Hi Ashif, DRF API Logger should work the same as in your development server. Maybe you forget to migrate after adding DRF API Logger in production. Does the production server use different settings? (example: production_settings.py, development_settings.py, in some projects I've seen completely different settings.) Please share DEF API Logger settings you used. Regards, Vishal Anand, Technical Lead, LinkedIn https://www.linkedin.com/in/vishal-anand-530ba0b5/ | M: +91-8009417767

On Sat, Mar 27, 2021 at 4:48 PM Asif Khan @.***> wrote: Everything is perfectly working in development environment. All my APIs that I am using POSTMAN desktop application is logging in drf_api_logger model. In nutshell all is working perfect as what I am looking. But once I transfer my code to production environment drf_api_logger is not logging any API calls from POSTMAN from both version desktop and web base POSTMAN. I tried by looking options in drf_api_logger documentation, nothing works.
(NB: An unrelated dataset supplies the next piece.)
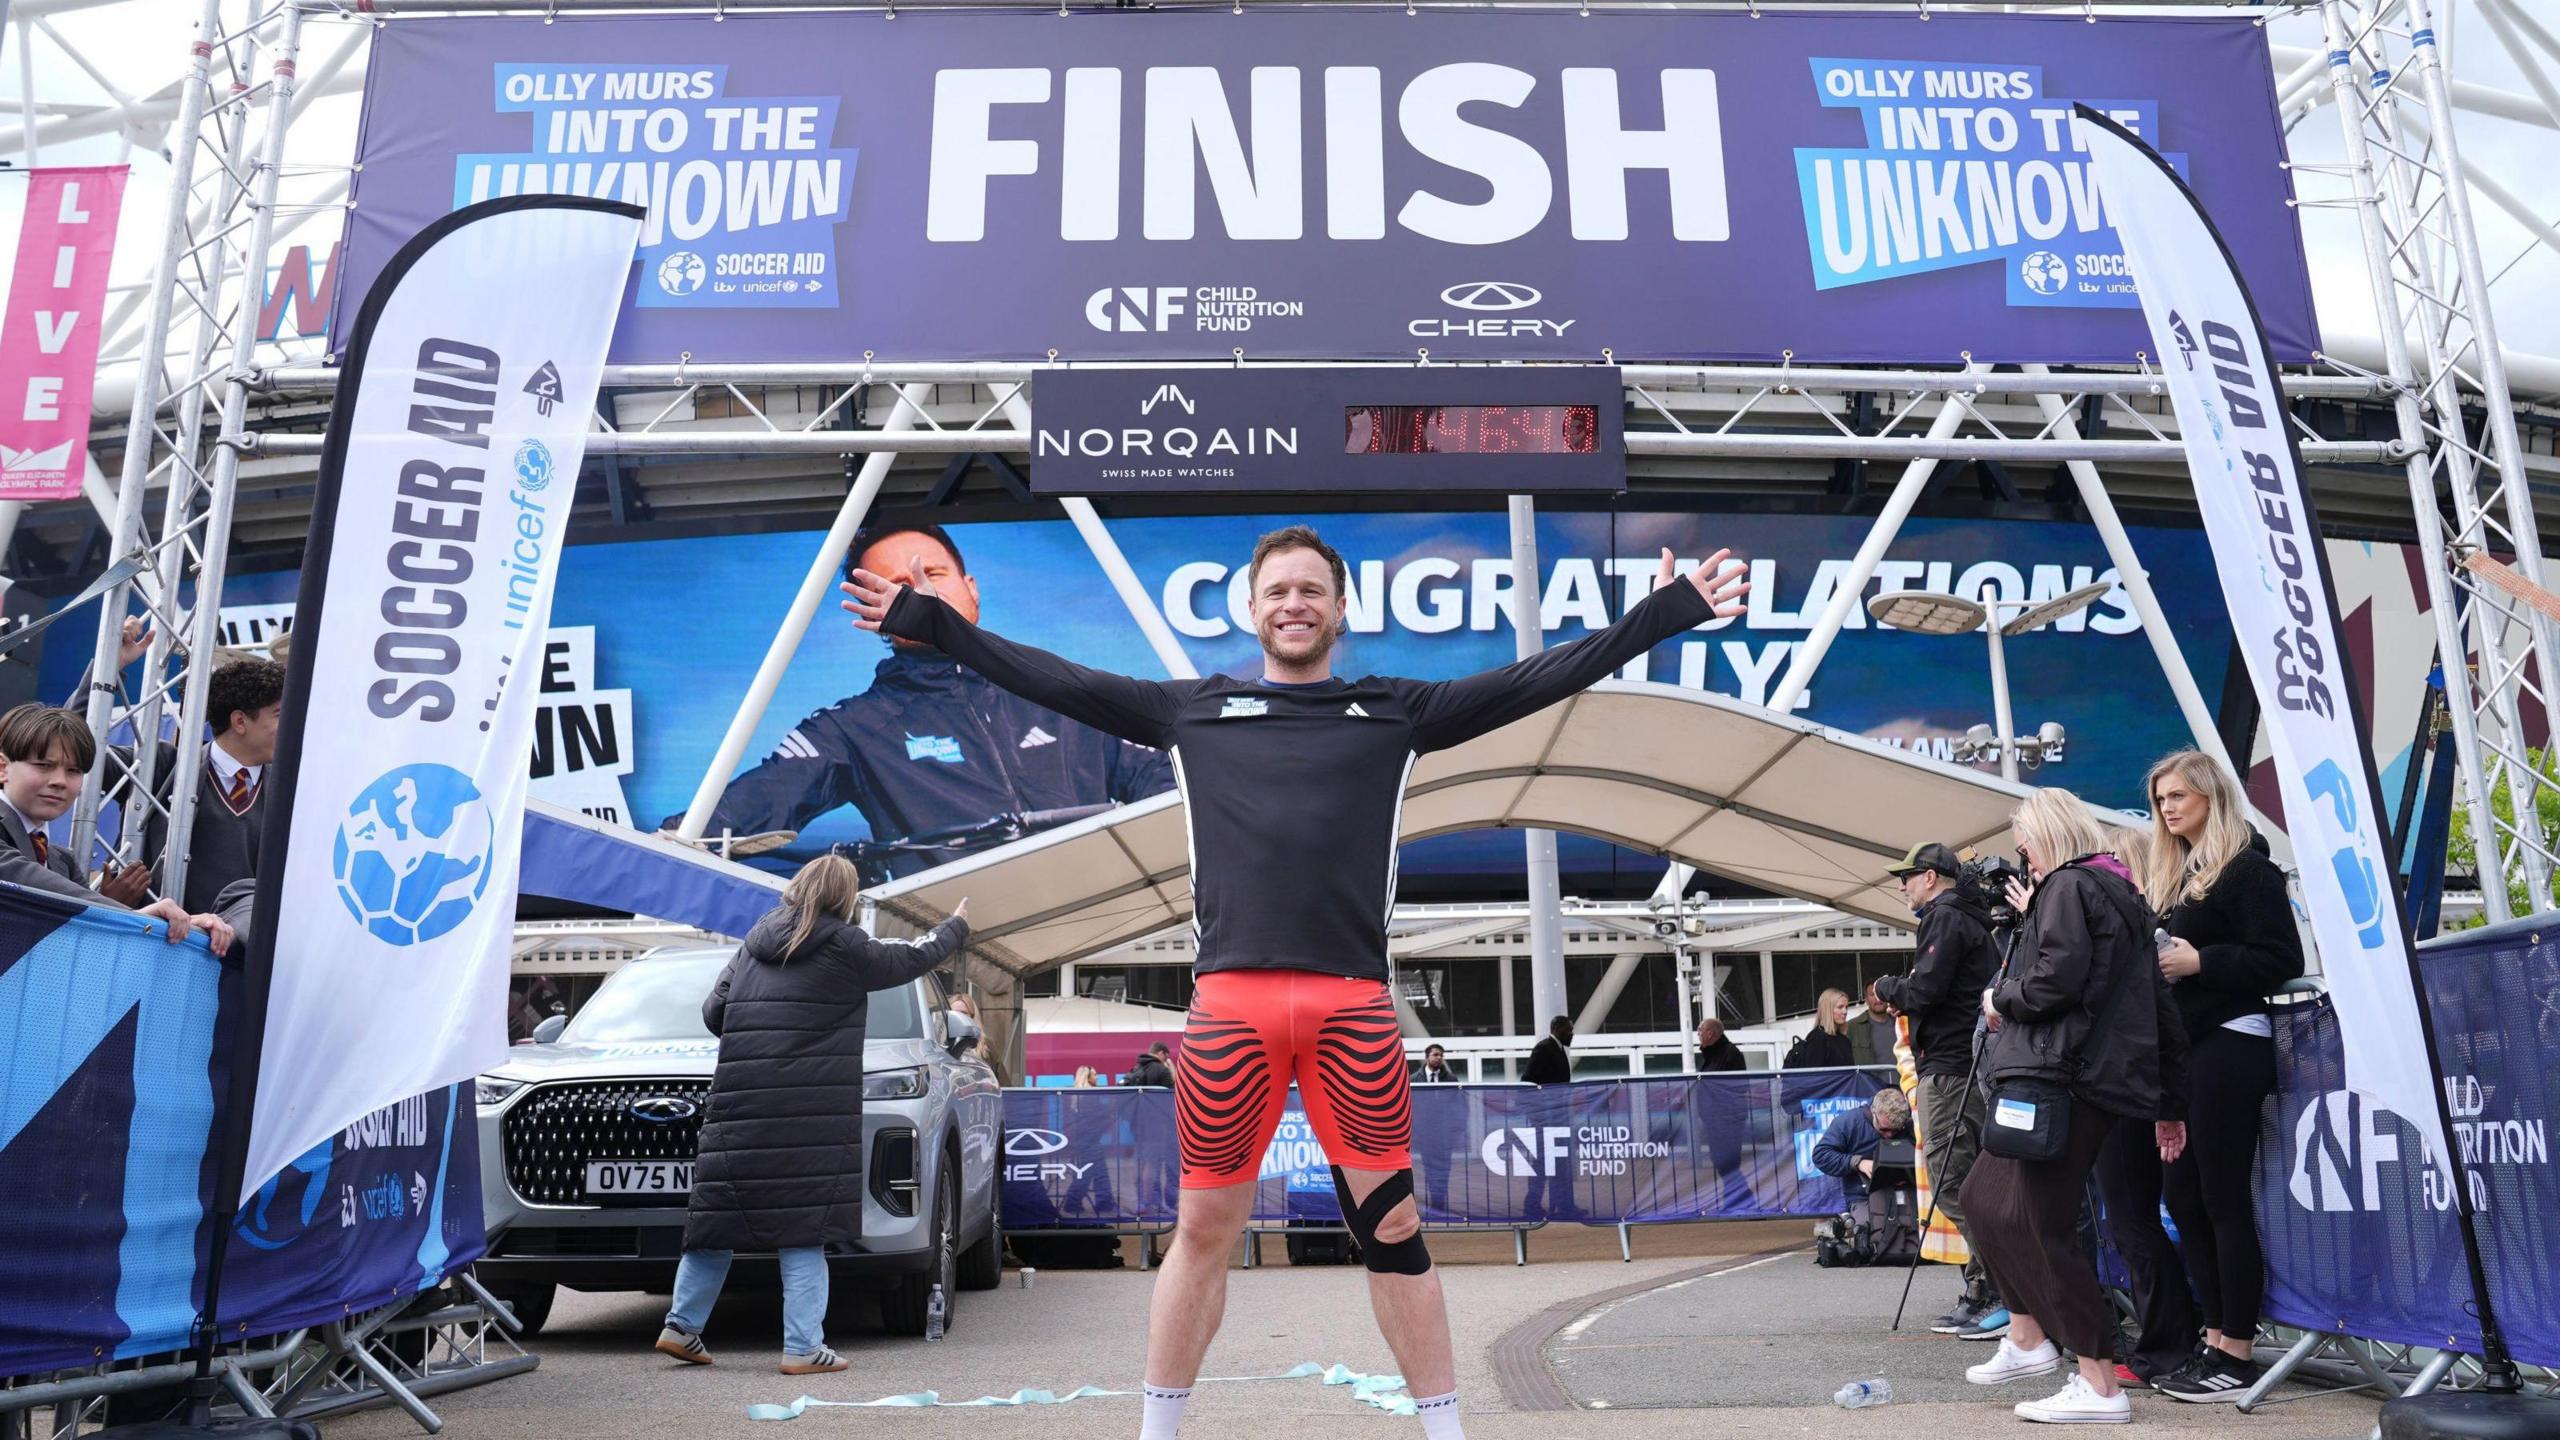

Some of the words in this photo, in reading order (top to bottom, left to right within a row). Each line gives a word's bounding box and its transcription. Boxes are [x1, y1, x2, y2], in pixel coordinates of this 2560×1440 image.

One thing I noticed the difference in development and production is of "http" vs "https". Can you please advice how I can make drf_api_logger to work for my production environment. — You are receiving this because you are subscribed to this thread. Reply to this email directly, view it on GitHub <#12>, or unsubscribe https://github.com/notifications/unsubscribe-auth/AD7SDTGBFFLJL5YFLZD6LTDTFW5HZANCNFSM4Z42A6ZQ .

Hi Vishal,

Thanks for your response. I have redeploy my code again on production with one of changes that I have done in your code to customize drf_api_logger for my specific purpose. My project structure is SAAS based so I have add one orgcode in the model of drf_api_logger to control all APIs at organisation level and same I have to done in admin.py to shows api of logged in user of that organisation only.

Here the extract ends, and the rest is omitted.